Yahoo Japan and ad-serving company Claria have entered into a joint venture that involves distributing Claria software, which tracks consumers as they surf the Web, to Yahoo Japan users.

Claria, long known as an adware company, is in the process of shedding its controversial pop-up serving business and, instead, working with publishers to serve consumers in-page ads based on consumers' interests.

Yahoo Japan, owned partly by Softbank Corp., is expected to offer users in Japan a downloadable program such as instant messaging, or a toolbar, that will be bundled with Claria's personalization platform. Claria is expected to then use the software to offer users personalized content, as well as to target ads based on users' Web-surfing habits.

"The overall intent," said Chief Marketing Officer Scott Eagle, "is to offer consumers a more personalized online experience."

Eagle added that the details haven't been fully worked out, and that the deal probably won't go live until the end of this year or early next year.

In the United States, Claria has long distributed Yahoo paid search links in pop-unders. That relationship is independent of Yahoo Japan deal's with Claria, said a Yahoo spokeswoman.

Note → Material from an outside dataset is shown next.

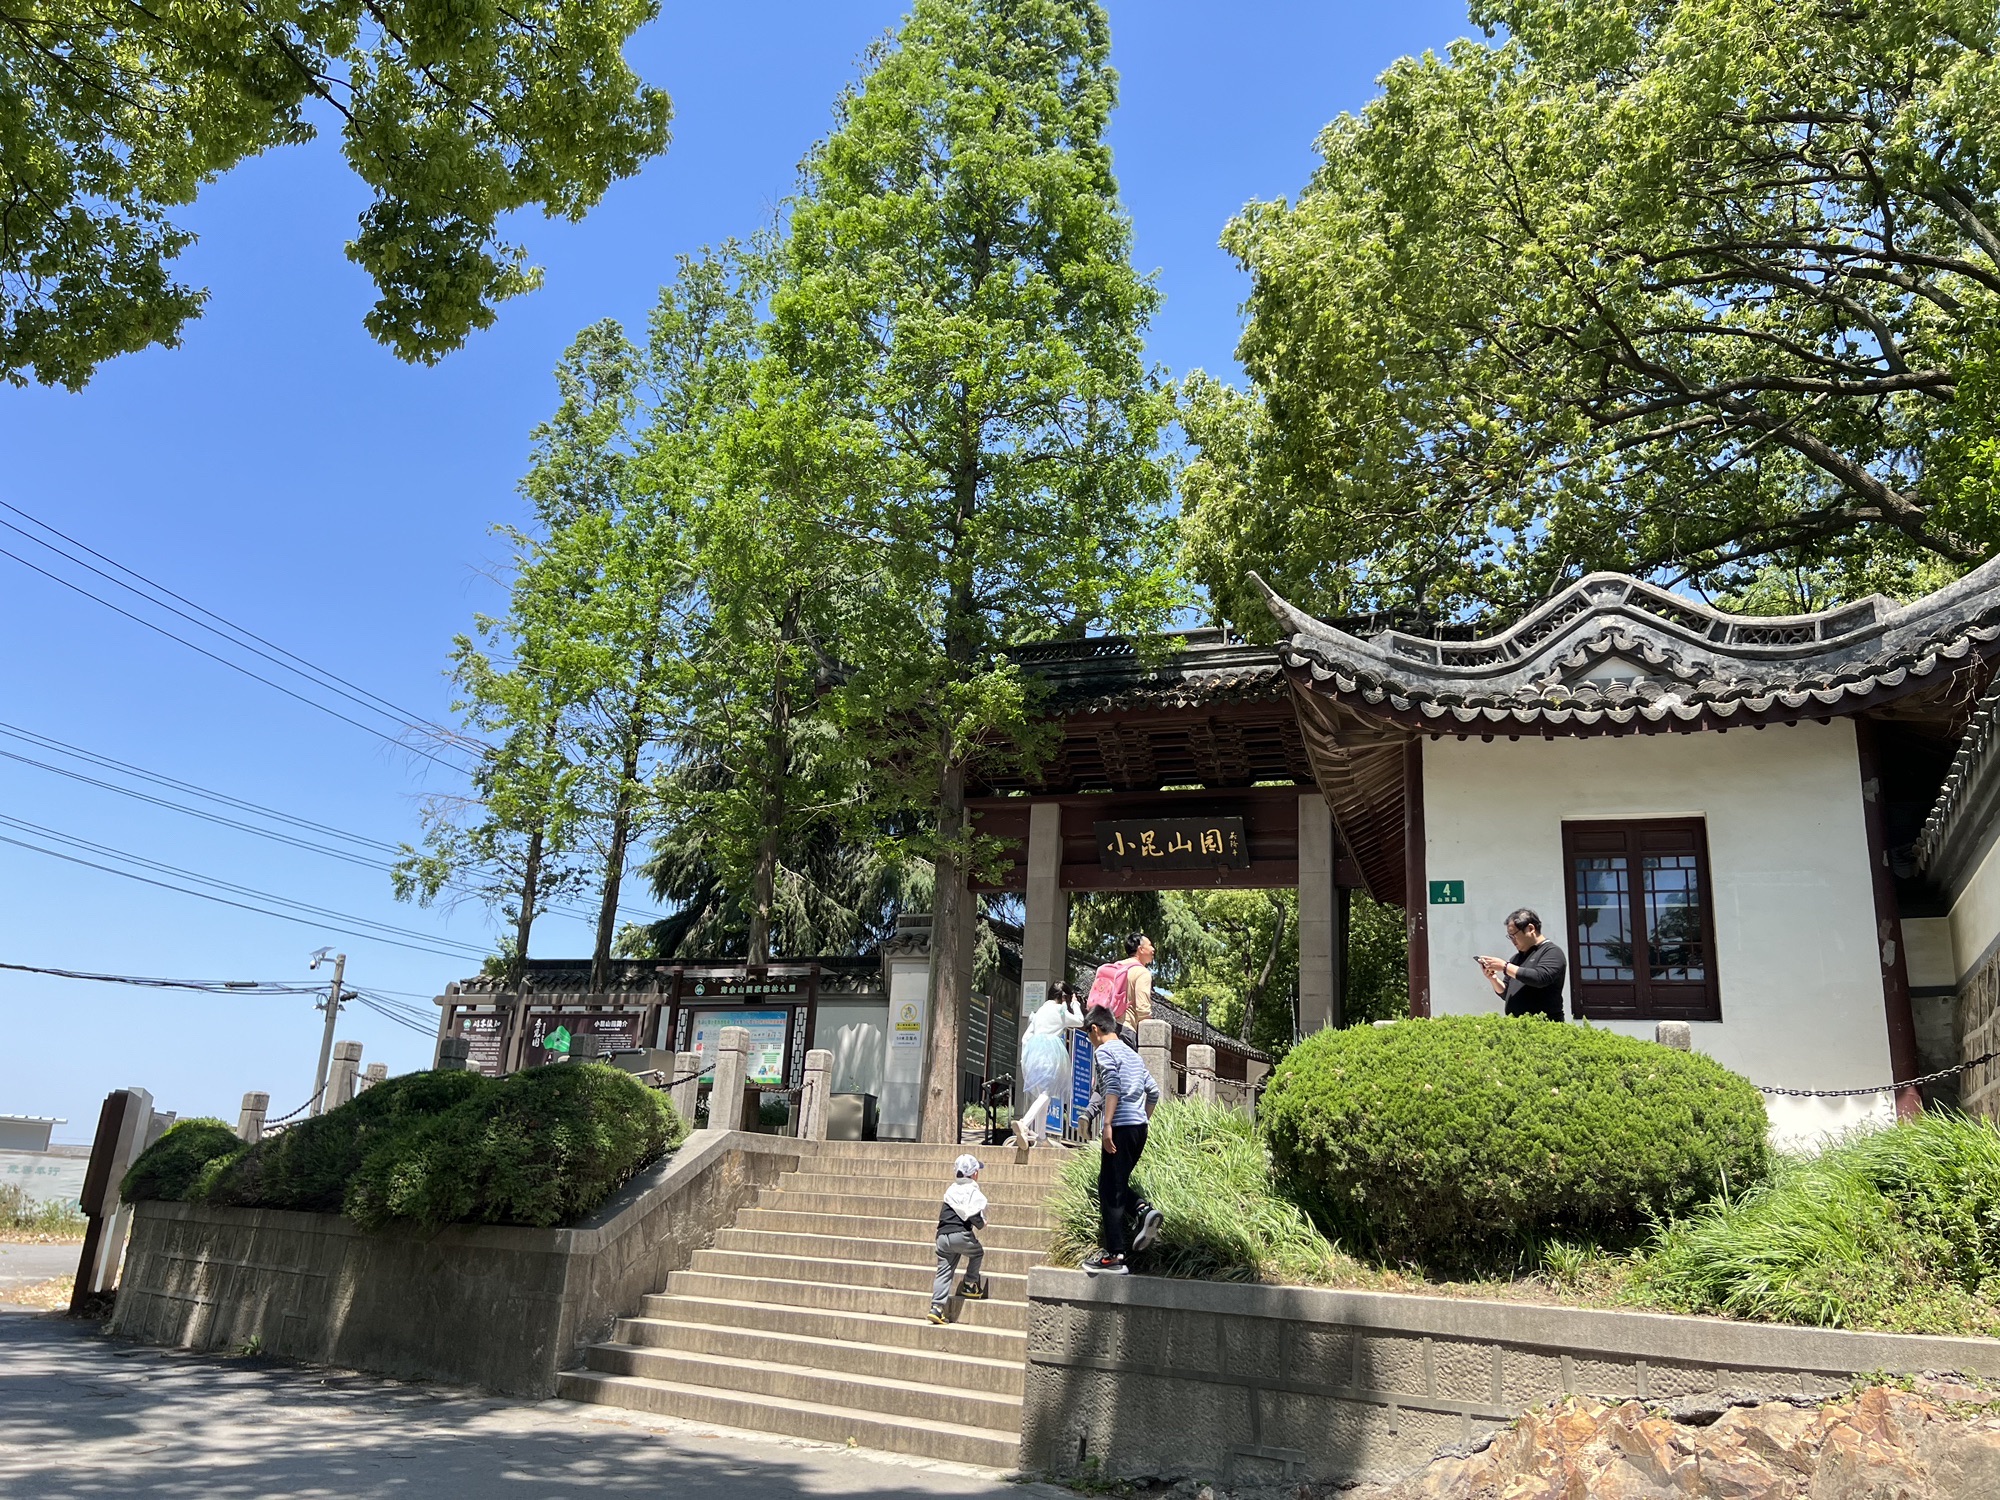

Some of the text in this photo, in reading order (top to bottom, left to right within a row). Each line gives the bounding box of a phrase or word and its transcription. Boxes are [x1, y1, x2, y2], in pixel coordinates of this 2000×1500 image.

[1107, 828, 1224, 857] 小昆山园
[1442, 883, 1451, 896] 4
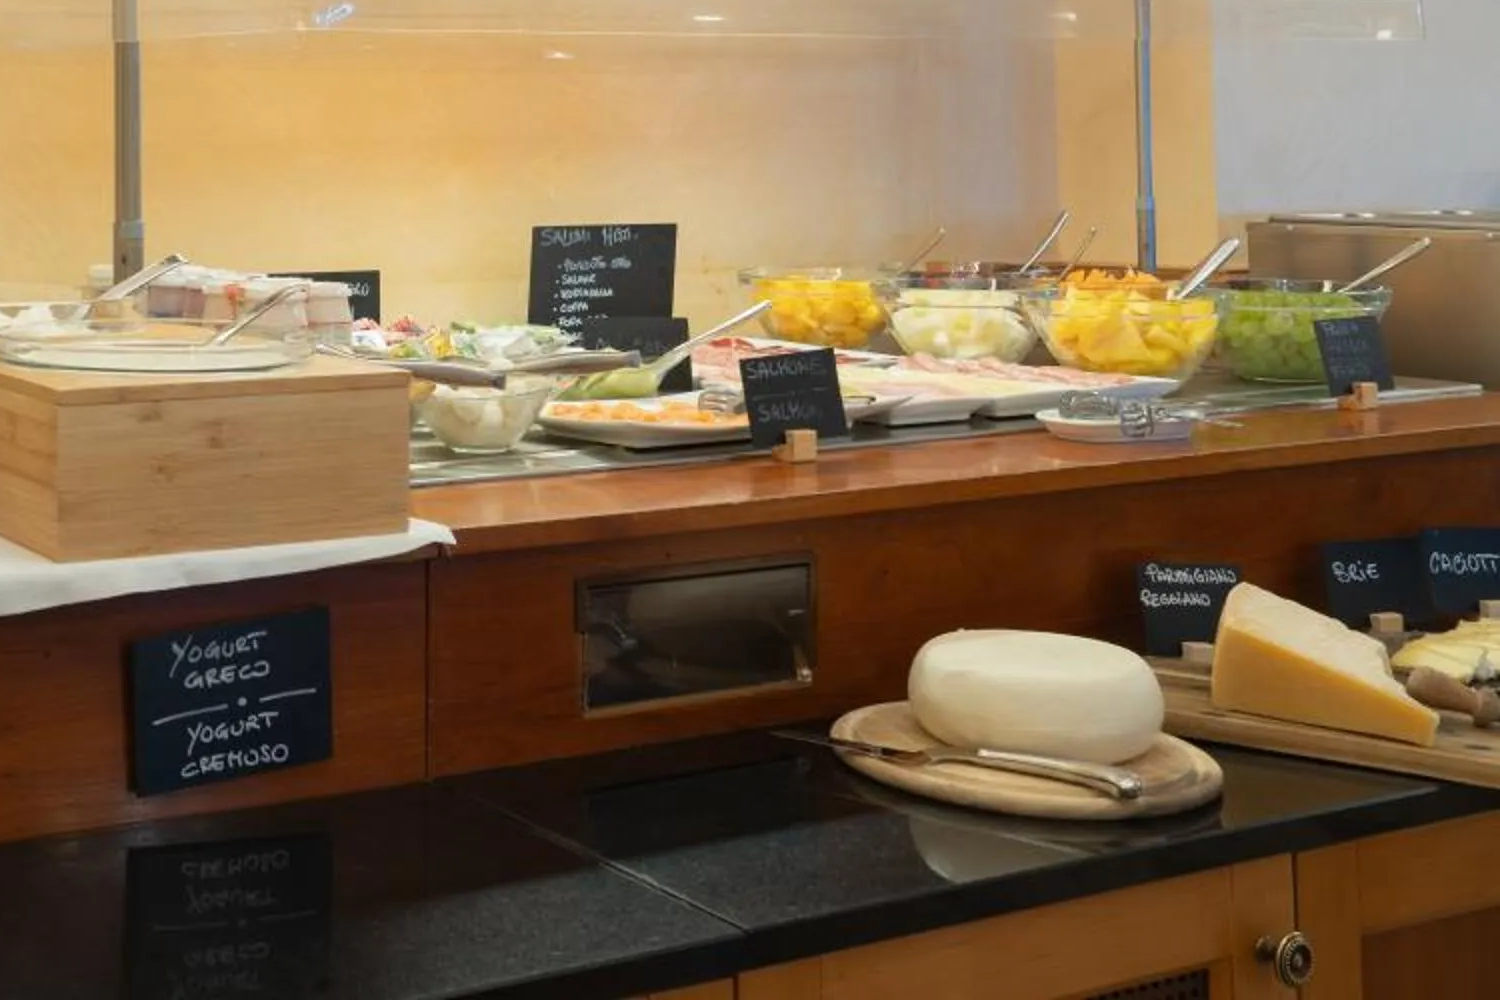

Claria's adware model involved bundling its ad-serving software with other programs, such as file-sharing service Kazaa, and then serving users pop-up ads on a host of different sites. Online publishers often objected to this tactic, because Claria's pop-ups competed with publishers' in-page ads; consumer advocates also voiced concerns that consumers downloaded the ad-serving programs fully realizing that they would then be served pop-up ads.

Claria's new model, expected to be in place by the end of the second quarter, still will require users to download a software program--but rather than serve pop-ups, Claria will work with publishers to serve behaviorally targeted in-page ads.

Eagle said the new model should prove more publisher-centric than its former strategies. "Even the publications that didn't like us--they never said, 'Your platform is dumb.' What they all said is--you're not using it to our benefit. You're using it to compete with us. You're using it to send pop-ups to our consumers, which we don't think is a good experience."

Claria also is expected to announce today it's received $40 million in financing with investments from Softbank America, Rogers Communications, Asia Pacific Ventures, and Sand Hill Capital.

Additionally, a beta version of one of Claria's personalization products, PersonalWeb, will go live today. PersonalWeb customizes publishers' home pages for users based on their interests, as determined by Web-surfing behavior. Claria will work with publishers to create versions of this program; the ads served through PersonalWeb will only appear while users are on the pages or sites owned by those publishers.